Reputation: 1168
Please, help me to understand the reasons for the difference in the behavior of the following program.
The program creates a test text file and a chain of boost filters (filtering_istream
) from one source and one filter. Then it tries to read some lines.
#include <iostream>
#include <fstream>
#include <string>
#include <boost/iostreams/device/file_descriptor.hpp>
#include <boost/iostreams/filtering_stream.hpp>
class my_filter : public boost::iostreams::input_filter
{
public:
explicit my_filter(std::ostream& s) : m_out(s)
{}
template<typename Source>
int get(Source& src)
{
int c = boost::iostreams::get(src);
if(c == EOF || c == boost::iostreams::WOULD_BLOCK)
return c;
if(c == '\r')
return boost::iostreams::WOULD_BLOCK;
if(c == '\n')
{
m_out << m_str << std::endl;
m_str = "";
}
else
{
m_str += c;
}
return c;
}
private:
std::ostream& m_out;
std::string m_str;
};
int main()
{
using namespace std;
boost::iostreams::filtering_istream file;
const std::string fname = "test.txt";
std::ofstream f(fname, ios::out);
f << "Hello\r\n";
f << "11111111111111111111111111111111111111111111111111111111111111111111111111111111111111111111111111111111111111111111111111111111\r\n";
f << "World!\r\n";
f.close();
file.push(my_filter(std::cout));
file.push(boost::iostreams::file_descriptor(fname));
std::string s;
while(std::getline(file, s))
{}
return 0;
}
Online compilation with clang displays the expected result:
But if I change the string "111...111" (128 ones) to 127 ones (255 and so on), the result differs:
This behavior seems incorrect to me.
Note: the length of "111...111" (127 ones) correlates with default buffer_size in boost::iostreams::filtering_istream::push
method...
file.push(my_filter(std::cout), default_buf_size=...)
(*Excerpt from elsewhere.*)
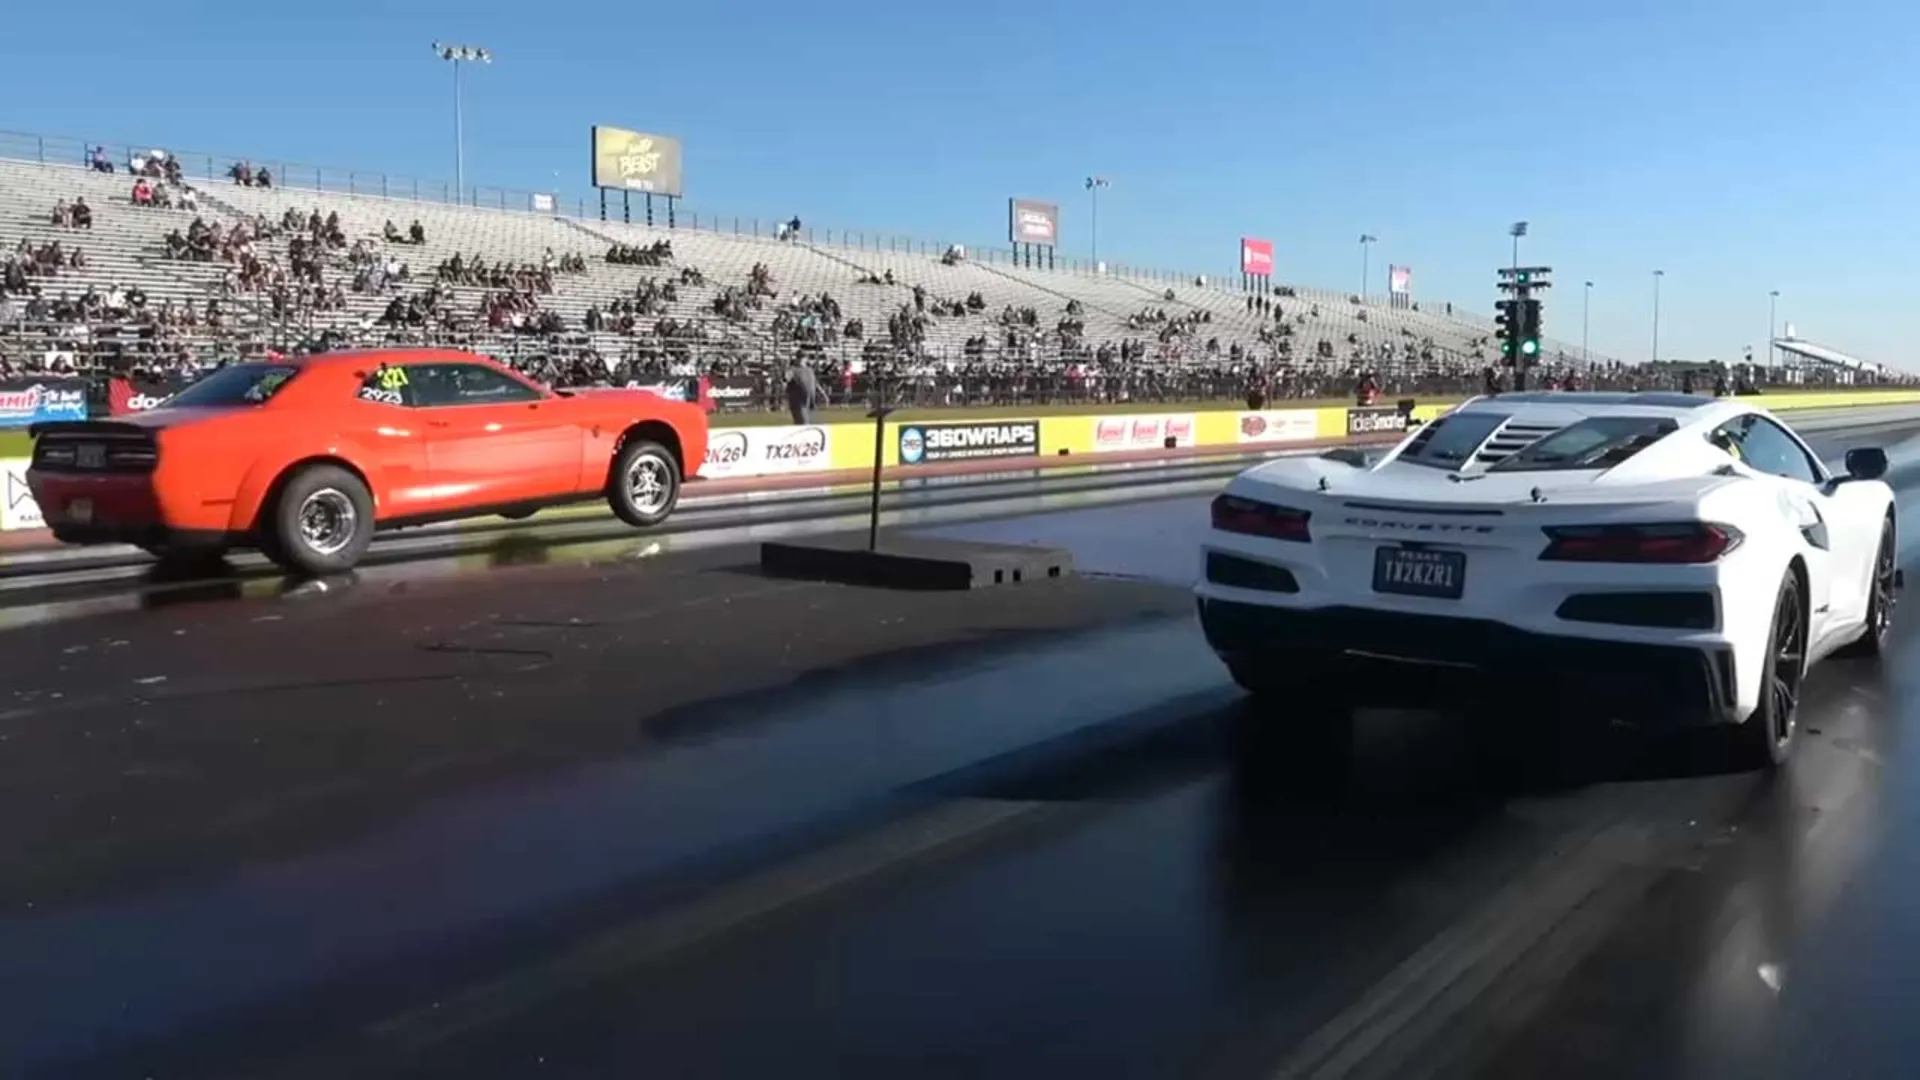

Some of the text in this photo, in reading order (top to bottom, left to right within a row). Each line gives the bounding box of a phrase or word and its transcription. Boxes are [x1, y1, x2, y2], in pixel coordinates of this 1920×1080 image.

You may see and run code here: code_example
I find it strange that under some conditions, the return value of WOULD_BLOCK
allows you to read further, and under other conditions, it considers that the file is finished. But according to documentation:
WOULD_BLOCK - indicates that input is temporarily unavailable
So it doesn’t indicate the end of stream.
Upvotes: 2
Views: 2104
Reputation: 6866
What are you trying to do with this part?
if(c == '\r')
return boost::iostreams::WOULD_BLOCK;
If you're trying to ignore \r
characters then you should just skip over them and read another character from the source. The Boost docs have an example that shows exactly this:
#include <ctype.h> // isalpha
#include <cstdio.h> // EOF
#include <boost/iostreams/categories.hpp> // input_filter_tag
#include <boost/iostreams/operations.hpp> // get, WOULD_BLOCK
using namespace std;
using namespace boost::iostreams;
struct alphabetic_input_filter {
typedef char char_type;
typedef input_filter_tag category;
template<typename Source>
int get(Source& src)
{
int c;
while ( (c = boost::iostreams::get(src)) != EOF &&
c != WOULD_BLOCK &&
!isalpha((unsigned char) c) )
;
return c;
}
};
This removes all non-alphabetic characters from the source (see https://www.boost.org/doc/libs/1_68_0/libs/iostreams/doc/concepts/input_filter.html).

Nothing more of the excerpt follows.